The survey revealed that tenants had balance-related concerns and many expressed a fear of falling. It became clear that Saint Therese had a great opportunity to enhance the quality of life of the seniors they serve.
Innovative programming equipment
The therapy staff got to work immediately and decided to create a new therapy program that would specialize in treating balance type disorders in older adults with the goal of preventing falls from occurring. The program would be available through clinics placed on both the Saint Therese of New Hope and Saint Therese at Oxbow Lake campuses.
As the staff researched different programming models focused on balance disorders, Taylor-Greengard recalled a balance assessment and rehabilitation system she had seen before.
The NeuroCom® Equitest system was created by NASA and was available to serve the needs of other industries that focused on balance-related services. The computerized system evaluates and tests an individual’s balance and gives objective data that can be used to create a custom therapy plan for each person. Ascend staff knew such a specialized piece of equipment could change lives.
With an obvious need to serve seniors with balance concerns, generous donors contributed an astounding $125,000 to the Saint Therese Foundation to purchase three NeuroCom® systems.
However, the staff not only wanted to treat seniors who had fallen, but also prevent falls from occurring. With this in mind, Safe-at-Home Assessments were created.
Making house calls
Safe-at-Home Assessments are part of an outpatient therapy program offered to seniors who may have a fear of falling or who may have fallen in the past. The assessment is given by a dedicated occupational therapist who visits the individual in her or his home to evaluate the individual’s dwelling and identify potential areas that could increase the risk of a fall.
The therapist observes the individual as he or she performs everyday tasks such as getting in and out of bed, pet care, taking out the trash and using the kitchen.
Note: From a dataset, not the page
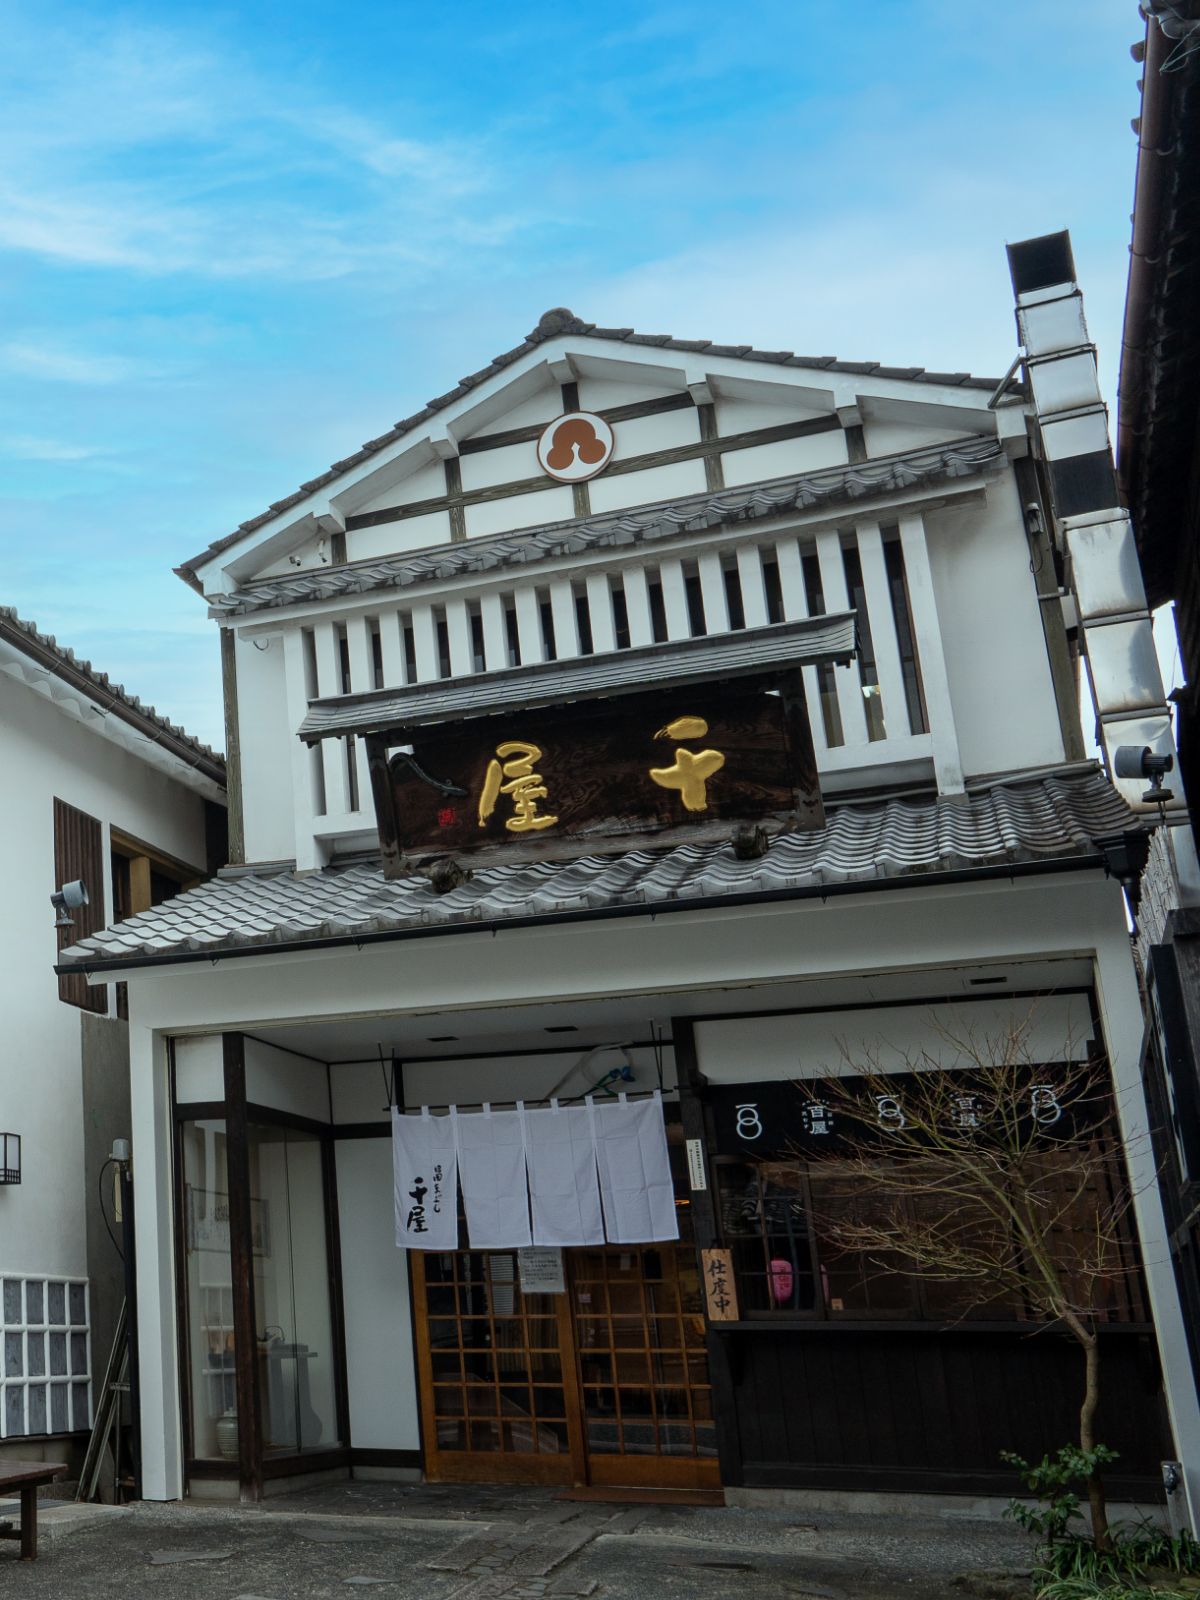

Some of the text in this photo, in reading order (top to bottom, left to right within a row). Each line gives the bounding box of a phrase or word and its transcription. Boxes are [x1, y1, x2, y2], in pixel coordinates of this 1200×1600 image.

[807, 1105, 829, 1134] 百屋
[407, 1176, 429, 1233] 千屋
[708, 1259, 731, 1314] 仕度中
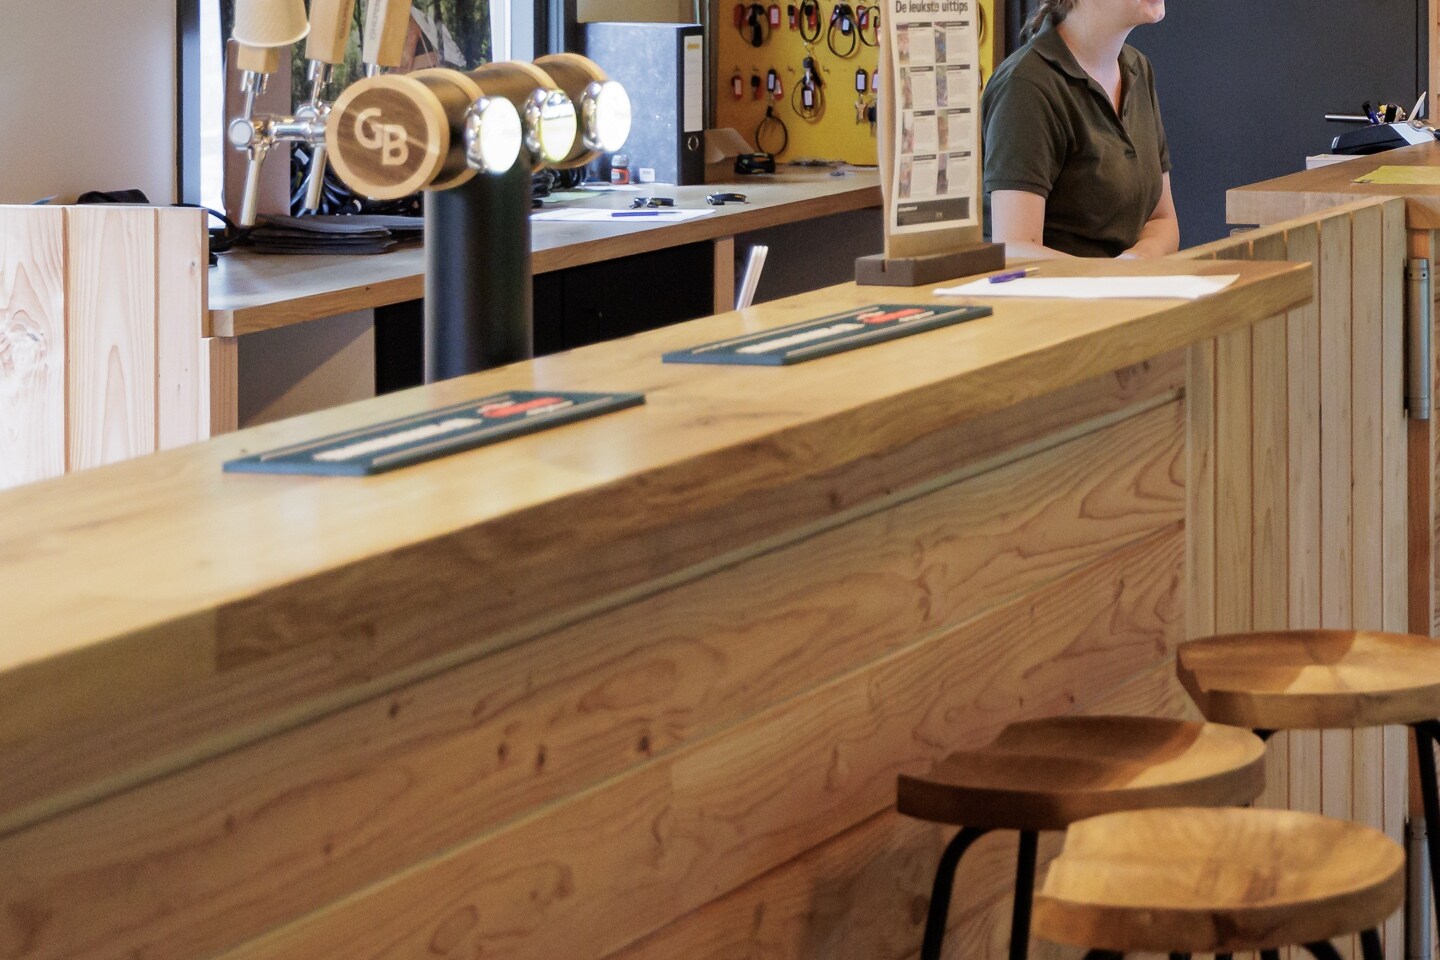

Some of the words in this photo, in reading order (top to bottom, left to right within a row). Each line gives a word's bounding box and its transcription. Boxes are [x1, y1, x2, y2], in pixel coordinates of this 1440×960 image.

Once the evaluation is complete, the therapist may suggest an array of options to help the individual perform tasks safely including new furniture arrangements, adding supportive equipment like hand railings, or possibly, further therapy.
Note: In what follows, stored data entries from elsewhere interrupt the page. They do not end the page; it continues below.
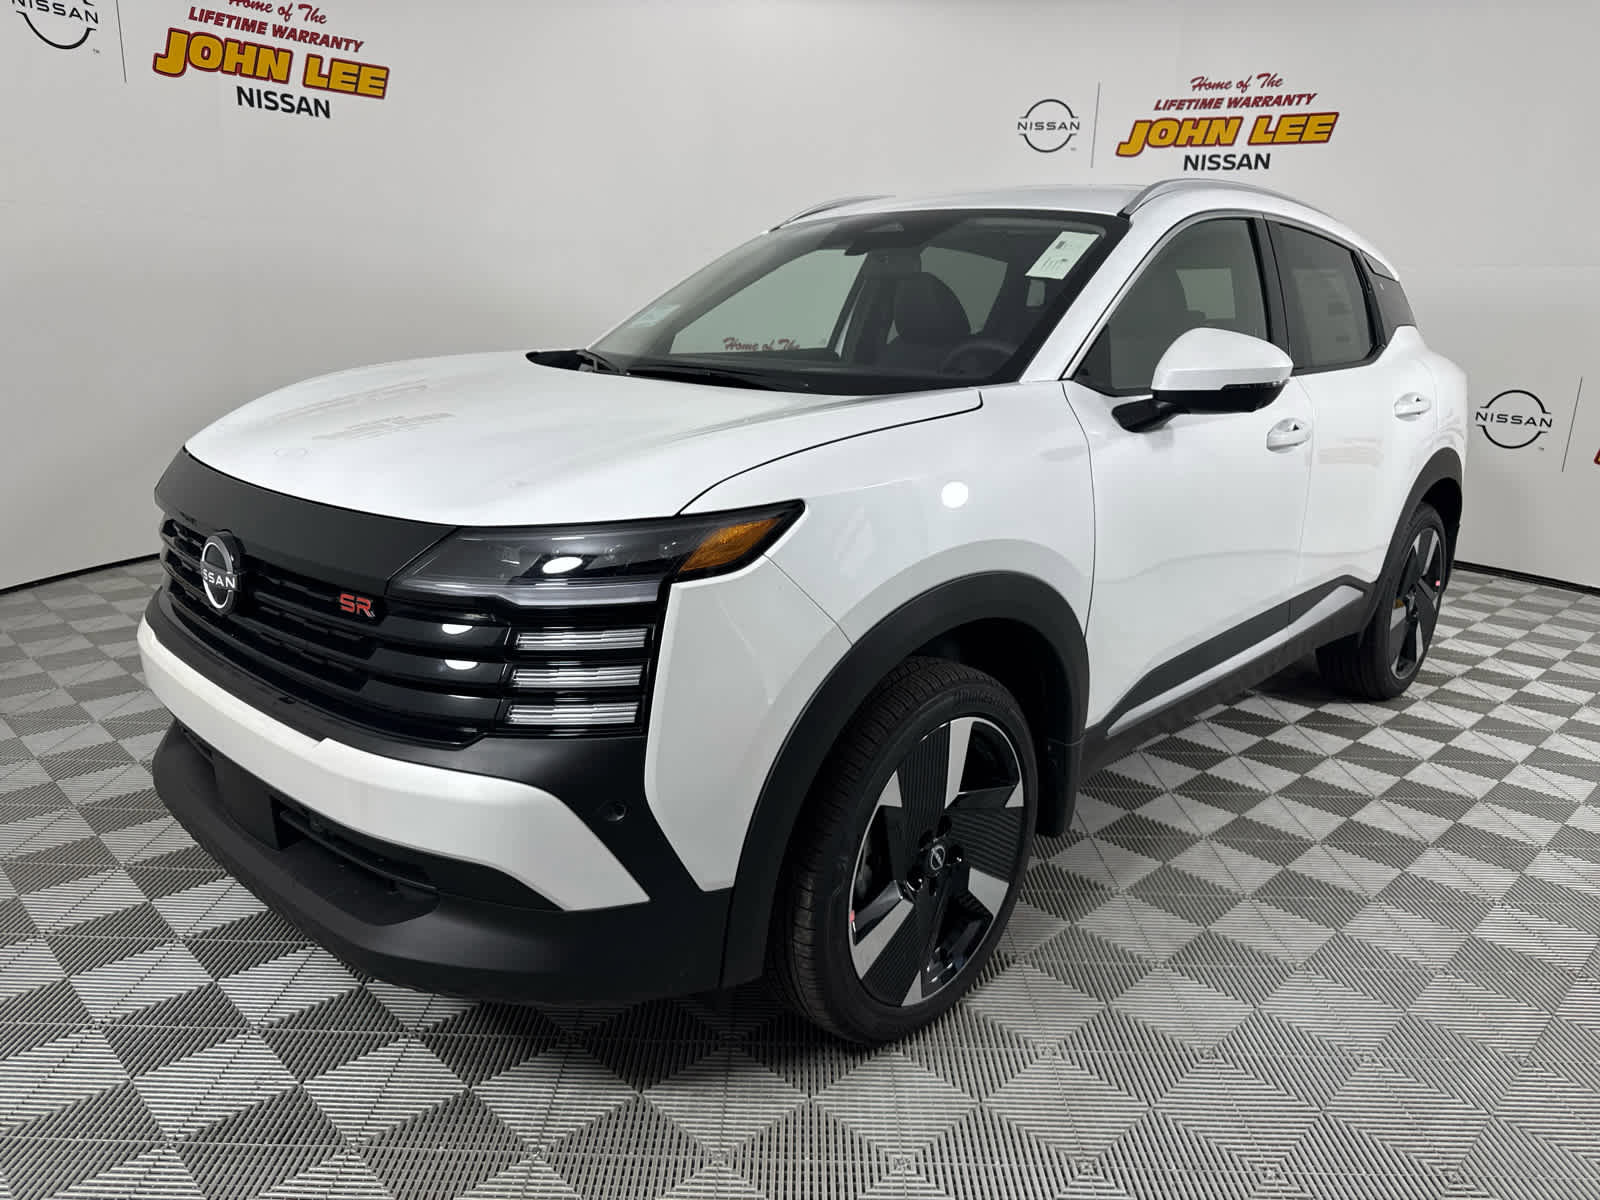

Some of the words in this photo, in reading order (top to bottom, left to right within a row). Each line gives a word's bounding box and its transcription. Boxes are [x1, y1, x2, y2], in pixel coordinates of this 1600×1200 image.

[277, 2, 293, 22] of
[297, 3, 328, 24] The
[188, 6, 268, 35] LIFETIME
[271, 23, 364, 53] WARRANTY
[153, 27, 293, 85] JOHN
[303, 53, 390, 100] LEE
[1190, 76, 1232, 92] Home
[1236, 75, 1252, 93] of
[1256, 72, 1283, 88] The
[236, 86, 331, 119] NISSAN
[1153, 97, 1225, 111] LIFETIME
[1226, 93, 1317, 109] WARRANTY
[1017, 121, 1080, 130] NISSAN
[1116, 116, 1243, 157] JOHN
[1248, 112, 1339, 145] LEE
[1183, 153, 1271, 171] NISSAN
[1475, 411, 1553, 428] NISSAN
[340, 593, 376, 617] SR
Occupational therapist LaVonne Schmitt described a recent Safe-atHome Assessment that revealed an individual needed additional therapy specifically focused on building strength.
“The great thing about this was that the family and the resident herself recognized her limitations after performing the home assessment and readily accepted further therapy,” Schmitt said. “She is now ready to return to her home with improved safety, less risk and more confidence.”
Opening our doors
In April of 2009, Saint Therese opened. three clinics across the Saint Therese of New Hope and Saint Therese at Oxbow Lake campuses. The services are not only open to Saint Therese residents and tenants, but to all seniors in the community.
From April 2009 to December 2010, the clinics have served 364 clients. Of those Saint Therese residents and tenants who were served using the NeuroCom® system, 87 percent showed improvement from their first assessment to their last. Even though the Safe-at-Home Assessments have only recently expanded into the local community, the overall program response has been positive.
“We’ve had an overwhelming response with the new clinics,” said TaylorGreengard. “We’ve seen huge growth and it has all occurred through word of mouth. We’re very pleased with the outcome of the new clinics and the overall program.”